[Activity]: The number of lines containing the word "order" is all you should give; count them in the records below.

________________________

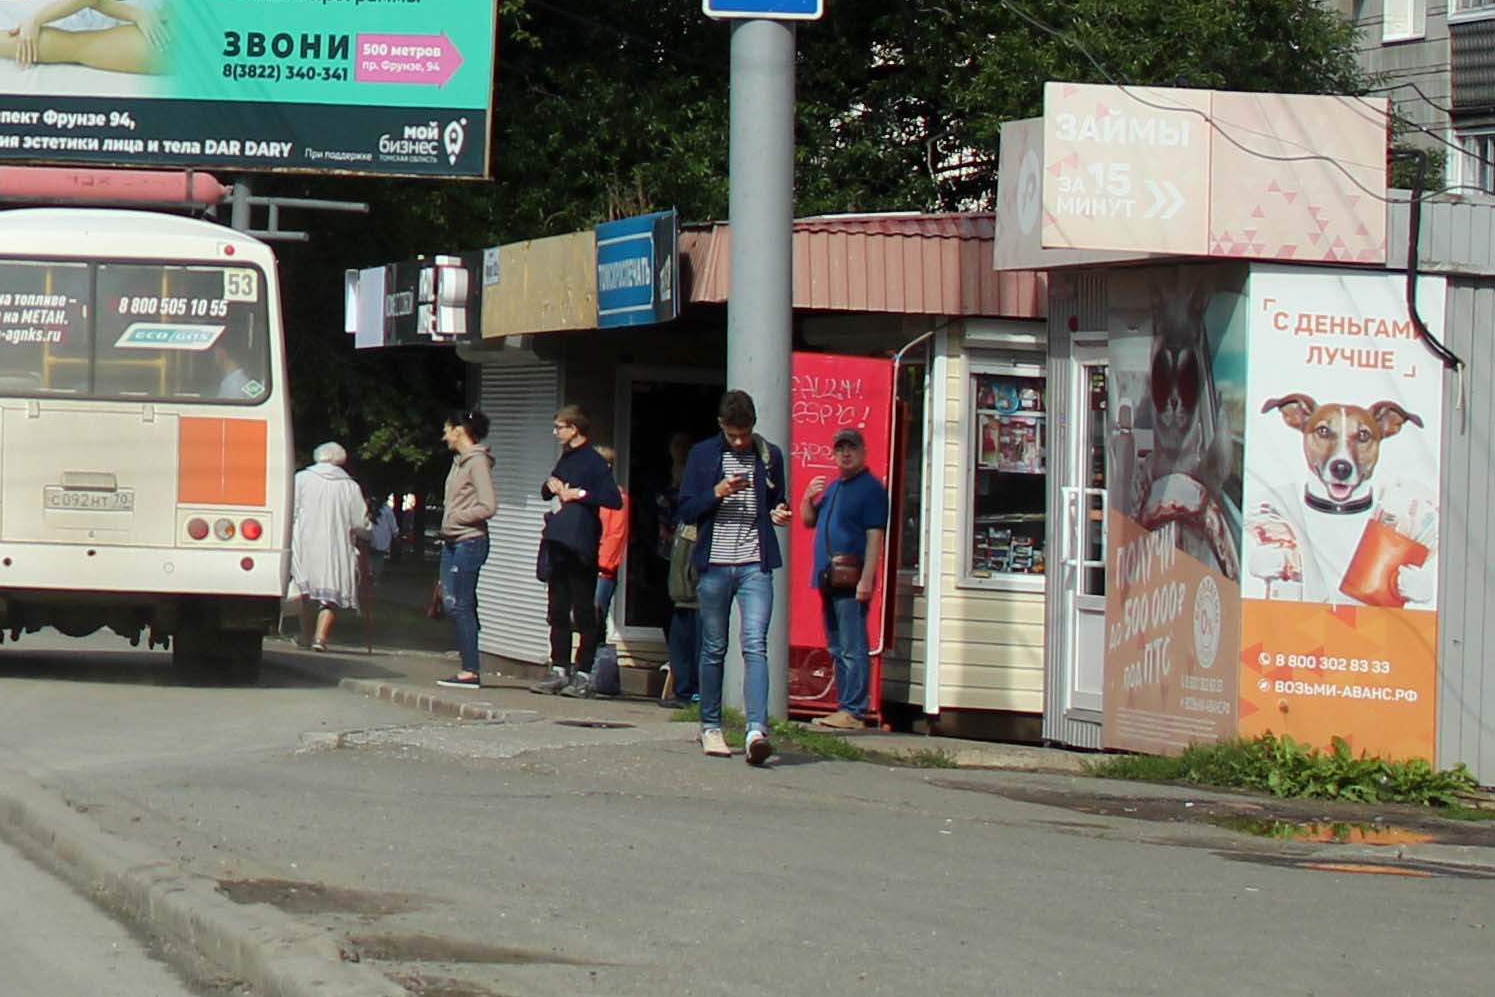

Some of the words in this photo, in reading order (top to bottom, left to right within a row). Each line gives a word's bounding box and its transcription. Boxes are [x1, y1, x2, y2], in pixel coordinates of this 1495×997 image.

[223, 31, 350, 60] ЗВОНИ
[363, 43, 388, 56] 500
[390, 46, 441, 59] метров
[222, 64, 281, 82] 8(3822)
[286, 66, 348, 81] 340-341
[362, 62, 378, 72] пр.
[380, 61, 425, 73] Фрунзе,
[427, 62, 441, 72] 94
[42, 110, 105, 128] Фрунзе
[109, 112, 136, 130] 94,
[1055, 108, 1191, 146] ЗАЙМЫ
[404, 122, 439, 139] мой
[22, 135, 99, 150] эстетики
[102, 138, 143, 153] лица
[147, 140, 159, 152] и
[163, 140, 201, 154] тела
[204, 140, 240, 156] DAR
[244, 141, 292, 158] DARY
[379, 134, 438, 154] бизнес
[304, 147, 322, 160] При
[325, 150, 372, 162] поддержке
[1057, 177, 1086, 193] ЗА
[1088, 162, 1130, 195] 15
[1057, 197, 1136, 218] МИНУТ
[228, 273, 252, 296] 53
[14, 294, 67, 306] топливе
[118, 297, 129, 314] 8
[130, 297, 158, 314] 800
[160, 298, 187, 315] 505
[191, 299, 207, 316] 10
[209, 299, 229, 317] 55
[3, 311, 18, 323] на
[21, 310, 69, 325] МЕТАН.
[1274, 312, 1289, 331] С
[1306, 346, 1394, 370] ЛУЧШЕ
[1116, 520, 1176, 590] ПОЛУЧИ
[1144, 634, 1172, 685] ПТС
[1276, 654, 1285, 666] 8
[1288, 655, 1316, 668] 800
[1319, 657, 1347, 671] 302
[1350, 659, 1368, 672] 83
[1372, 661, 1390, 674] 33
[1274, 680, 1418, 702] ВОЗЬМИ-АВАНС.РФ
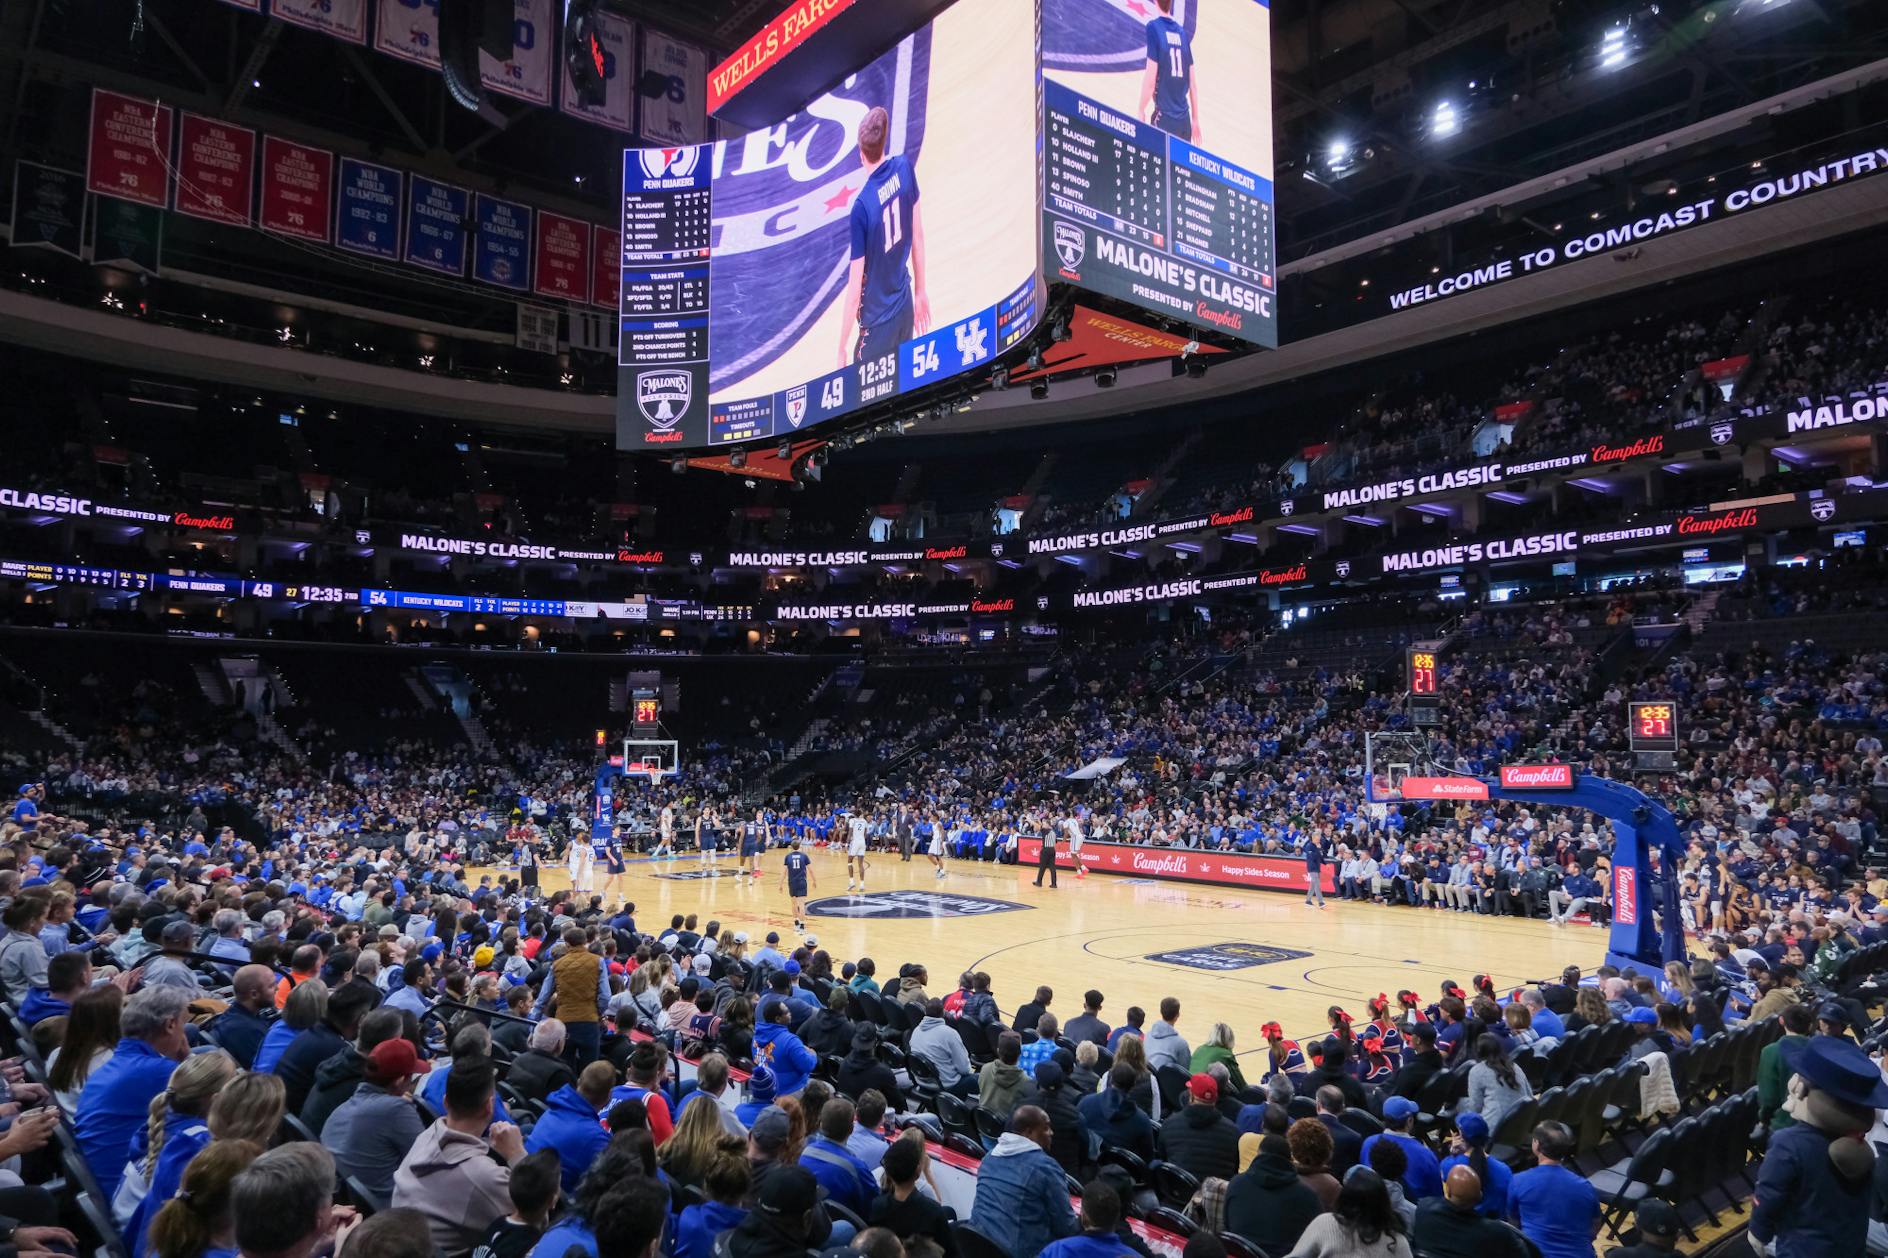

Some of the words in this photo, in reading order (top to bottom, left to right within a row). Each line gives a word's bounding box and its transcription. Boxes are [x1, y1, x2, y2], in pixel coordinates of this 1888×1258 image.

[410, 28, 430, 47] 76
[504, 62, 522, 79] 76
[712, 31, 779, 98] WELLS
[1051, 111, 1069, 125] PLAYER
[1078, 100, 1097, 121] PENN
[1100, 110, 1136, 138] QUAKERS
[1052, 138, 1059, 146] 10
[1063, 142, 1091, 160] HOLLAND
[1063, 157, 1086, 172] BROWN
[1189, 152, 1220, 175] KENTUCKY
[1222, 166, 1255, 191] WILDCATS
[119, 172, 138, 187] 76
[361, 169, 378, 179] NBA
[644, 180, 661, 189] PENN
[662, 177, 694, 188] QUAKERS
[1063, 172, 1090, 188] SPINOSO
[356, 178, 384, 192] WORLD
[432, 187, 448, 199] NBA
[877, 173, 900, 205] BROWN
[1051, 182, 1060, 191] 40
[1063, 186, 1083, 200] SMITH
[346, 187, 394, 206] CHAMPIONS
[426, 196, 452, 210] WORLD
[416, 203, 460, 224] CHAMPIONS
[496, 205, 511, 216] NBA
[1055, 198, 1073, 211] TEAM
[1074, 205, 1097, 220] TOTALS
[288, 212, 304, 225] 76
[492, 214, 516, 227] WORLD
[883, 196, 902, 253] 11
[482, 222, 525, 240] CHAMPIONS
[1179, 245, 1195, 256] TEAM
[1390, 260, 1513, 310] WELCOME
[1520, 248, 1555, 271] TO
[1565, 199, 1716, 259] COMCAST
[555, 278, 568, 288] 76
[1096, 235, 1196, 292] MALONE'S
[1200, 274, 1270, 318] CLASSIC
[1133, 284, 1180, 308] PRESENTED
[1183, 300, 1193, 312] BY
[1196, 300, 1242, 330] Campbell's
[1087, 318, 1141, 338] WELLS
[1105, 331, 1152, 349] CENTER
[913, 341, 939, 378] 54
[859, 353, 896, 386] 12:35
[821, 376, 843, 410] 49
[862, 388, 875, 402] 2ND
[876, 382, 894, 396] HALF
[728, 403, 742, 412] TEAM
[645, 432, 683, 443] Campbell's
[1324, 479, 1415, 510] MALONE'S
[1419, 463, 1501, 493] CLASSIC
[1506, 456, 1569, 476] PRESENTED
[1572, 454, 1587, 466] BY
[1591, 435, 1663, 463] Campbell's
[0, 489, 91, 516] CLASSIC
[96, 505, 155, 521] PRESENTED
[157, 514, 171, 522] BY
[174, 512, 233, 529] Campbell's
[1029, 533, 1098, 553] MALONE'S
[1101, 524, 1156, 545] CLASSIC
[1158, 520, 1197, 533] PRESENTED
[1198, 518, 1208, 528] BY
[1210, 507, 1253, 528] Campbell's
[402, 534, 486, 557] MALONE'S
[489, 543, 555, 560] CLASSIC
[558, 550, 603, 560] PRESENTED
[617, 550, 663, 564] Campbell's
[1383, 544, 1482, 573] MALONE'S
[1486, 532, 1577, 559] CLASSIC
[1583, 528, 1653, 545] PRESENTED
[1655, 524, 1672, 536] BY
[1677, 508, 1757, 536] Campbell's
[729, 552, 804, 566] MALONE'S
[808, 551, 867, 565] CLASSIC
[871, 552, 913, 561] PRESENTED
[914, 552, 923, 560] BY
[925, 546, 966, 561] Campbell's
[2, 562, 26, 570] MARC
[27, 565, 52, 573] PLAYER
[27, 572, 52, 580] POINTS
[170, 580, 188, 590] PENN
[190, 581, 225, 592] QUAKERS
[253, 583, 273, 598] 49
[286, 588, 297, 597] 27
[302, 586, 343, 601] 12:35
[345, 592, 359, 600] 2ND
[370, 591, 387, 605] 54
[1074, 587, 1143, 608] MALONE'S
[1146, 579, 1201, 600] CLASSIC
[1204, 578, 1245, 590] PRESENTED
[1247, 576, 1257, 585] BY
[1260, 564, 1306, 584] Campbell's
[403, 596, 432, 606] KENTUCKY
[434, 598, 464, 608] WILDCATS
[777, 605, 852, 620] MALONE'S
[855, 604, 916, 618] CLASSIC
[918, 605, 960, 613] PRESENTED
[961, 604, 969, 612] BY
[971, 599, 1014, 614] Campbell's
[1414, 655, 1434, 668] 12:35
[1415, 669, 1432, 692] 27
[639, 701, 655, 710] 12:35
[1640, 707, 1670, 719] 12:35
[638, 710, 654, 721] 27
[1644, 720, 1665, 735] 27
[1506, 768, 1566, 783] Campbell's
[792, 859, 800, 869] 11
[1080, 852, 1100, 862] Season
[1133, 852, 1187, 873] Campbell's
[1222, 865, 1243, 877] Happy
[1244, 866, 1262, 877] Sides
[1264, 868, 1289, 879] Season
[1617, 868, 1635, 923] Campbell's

________________________

[Reply to the exercise]: 2